To Rouse Leviathan
Page 6
Abruptly, insights that had lain dormant in my breast for years surged to life and circulated upwards to my brain, where they revealed to me at last the truth of what I was seeing. This, I now understood, was the primal chaos, the formless raw matter of creation. This was the ultimate truth beyond God and Satan, good and evil, light and darkness, for it had existed long before the advent of these opposing forces, long before God spoke the creative words to bring forth an ordered cosmos peopled with conscious spiritual and physical beings. In fact—most shocking of all, a realization that I could scarcely accept—I saw that the God whom I had devoted my life to serving was the offspring of the abyss, and that both He and His cosmos were negated by its universality. Like a corrosive spiritual acid, the ocean of the uncreated was forever eating away at the shore of creation, and of its Creator.
As if he had been summoned by the culmination of the vision, the abbot slipped silently into the room at that very moment and began to make his way from desk to desk. I waited dumbly for him to finish with the others, and when he did, he paused behind me as he had done before. Then he reached down and once again ran his hand over the pages.
In a kind of trance, I looked down at his hand and saw that it, too, was infected with the seed of corruption, as indeed all flesh must be. But I could also see, as if with the aid of an invisible lens held before my eyes, that behind his ephemeral flesh, or below it, or prior to it, extending outward from some inconceivably concentrated well of entity, there lurked a vast, churning thunderhead of chaos. It shifted unendingly, appearing now as a massive black cloud looming heavy with rain, now as the elastic scaly skin of a serpent, now as the surface of an oily ocean. It was all these things and more, for no representation could convey the reality of the monstrous thing that dwelled within the flesh of this man whom for sixteen years I had loved and called my spiritual father.
He waited patiently with his hand before my eyes until the insight came clear and I understood that I was seeing the hand of the abyss itself, which had momentarily decided, for reasons hidden in the gloom of its bottomless depths, to adopt the form of a man.
4. When He Shall Appear
What kept me from fleeing in the face of all this was my longing for transcendence. This had been the start of the matter, and now it formed the end of it. I had seen so much and felt so deeply that I simply could not leave, not when the goal of my spiritual pilgrimage finally lay within reach. Drawing strength from one of the promises of St. Paul that I hoped might still apply to me, even after everything that I had learned, I began to think my true life must be hidden elsewhere—not with Christ in God, but in the blackest reaches of the abyss. I eagerly anticipated the revelation of this true self when the time was right, and its point of contact in my soul glowed with an exquisite burning coldness every day, assuring me that I would not have long to wait.

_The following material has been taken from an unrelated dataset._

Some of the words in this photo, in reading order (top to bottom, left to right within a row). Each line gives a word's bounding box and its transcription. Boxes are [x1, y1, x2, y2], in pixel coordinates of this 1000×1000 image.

Weeks passed as time flowed by like a black river that I regarded from a stationary point on some undefined shore. I hovered above everything, clung to nothing, and consider the world and its inhabitants as figments of a fleeting and pointless dream. The sight of the abbot and my brothers sickened me, but it was a sickness that I had now transcended, for I knew that none of my thoughts, feelings, or reactions were of any consequence, save for the exquisite responsiveness that I had developed to the hints of dark enlightenment that continuously flew up from my spirit like sparks from a fire.
Aided by this ongoing inner transformation, my work continued to undergo a mutation. Nothing that came from my pen could surprise me. I did not wonder when my hand left off with words and began to produce elaborate illustrations that were far beyond my natural capacity. Drolleries and illuminations of the most intricate craftsmanship appeared in my book, twisting and twining in serpentine chains of meaning. Fanged faces with forked tongues and porcine snouts peered out from behind words or upward and inward from the borders of pages, leering at the text and adding their own silent commentaries. From time to time, a word or phrase from the Holy Scriptures themselves would spew forth from my pen, followed closely by yet another of those faces, which would bare its fangs and grin at the quotation as if to say, “Ah, yes, but . . .” or “Come now, could you really have believed . . . ?”

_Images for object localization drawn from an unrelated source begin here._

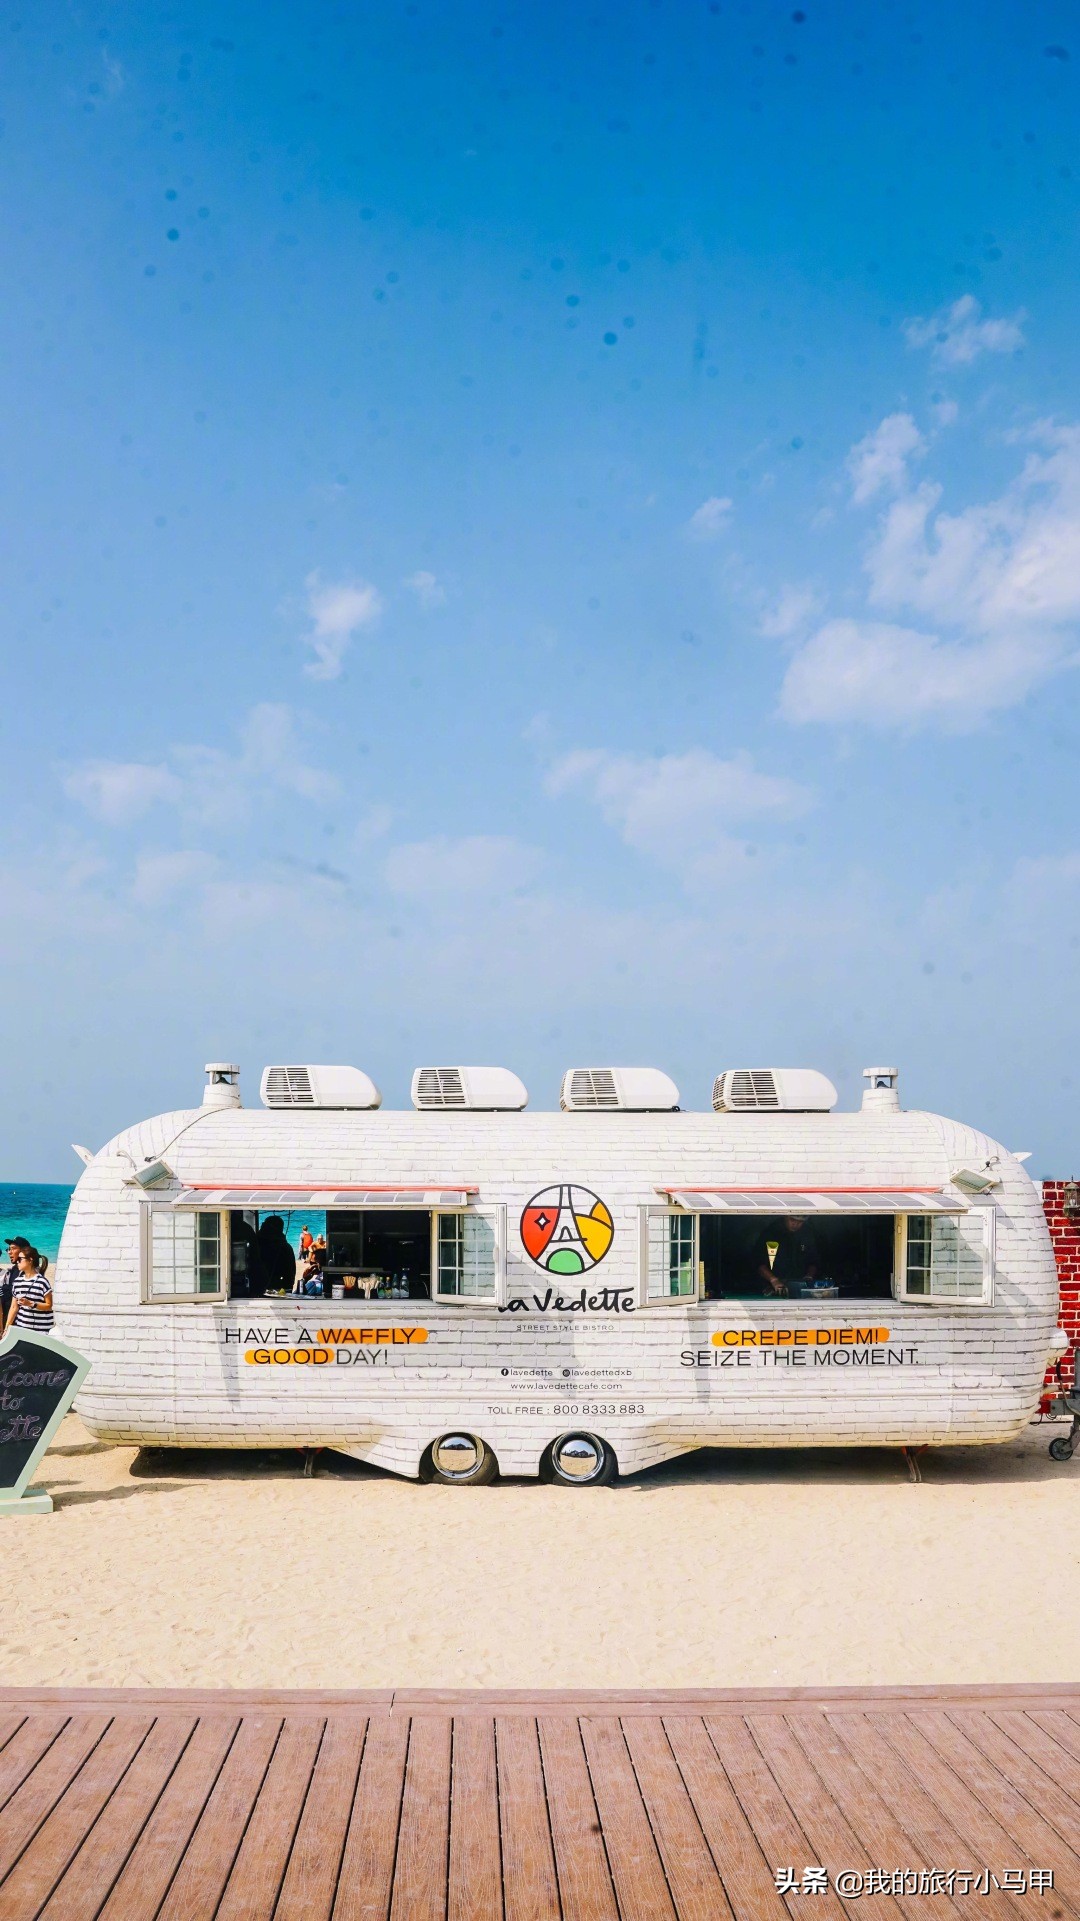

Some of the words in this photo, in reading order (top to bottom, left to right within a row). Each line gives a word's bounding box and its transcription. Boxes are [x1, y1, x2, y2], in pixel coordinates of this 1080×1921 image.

[498, 1299, 530, 1313] a
[533, 1286, 636, 1313] Vedette
[225, 1327, 289, 1344] HAVE
[297, 1328, 313, 1344] A
[320, 1328, 416, 1344] WAFFLY
[722, 1329, 809, 1346] CREPE
[816, 1328, 879, 1345] DIEM!
[253, 1348, 329, 1365] GOOD
[336, 1348, 388, 1365] DAY!
[680, 1350, 752, 1367] SEIZE
[757, 1350, 806, 1366] THE
[814, 1348, 919, 1366] MOMENT.
[510, 1382, 623, 1390] www.lavedettecafe.com
[0, 1389, 25, 1411] to
[487, 1406, 512, 1415] TOLL
[515, 1406, 543, 1414] FREE
[553, 1405, 579, 1414] 800
[582, 1404, 616, 1414] 8333
[619, 1404, 645, 1414] 883
[0, 1414, 42, 1443] ette

As for the other aspects of my life in the abbey—my daily fulfillment of the Divine Office, my association with my brothers—I had never played the game more splendidly, and was especially helped in this by a new sense of superiority far different from the one I had formerly harbored. I had always found it easier, even before joining the order, to be kind, patient, and even loving toward those whom I considered my inferiors. Thus it was natural that I was never so tender with my brothers as during those final days when I saw them as from a great height. Even my old self, centered upon my original heart, found something to satisfy its altruistic longings when it was able to look with compassion upon walking, quivering sacks of corruption that believed themselves to be men.
The abbot and I appeared to have reached an unspoken agreement. Each time I saw him, I gained a momentary glimpse of a roaring blackness that wore his face like a mask. But I said nothing about this to the others. He, for his part, stopped speaking to me entirely, and merely fixed me with a hawkish eye every day in the scriptorium after he had finished with the others, before exiting without a word. The brethren noticed this, of course, and took it as a sign that I had advanced beyond them. Formerly, my false sense of humility would have led me to deny such speculations, but now I knew they spoke nothing but the truth, so I let them speculate as they would.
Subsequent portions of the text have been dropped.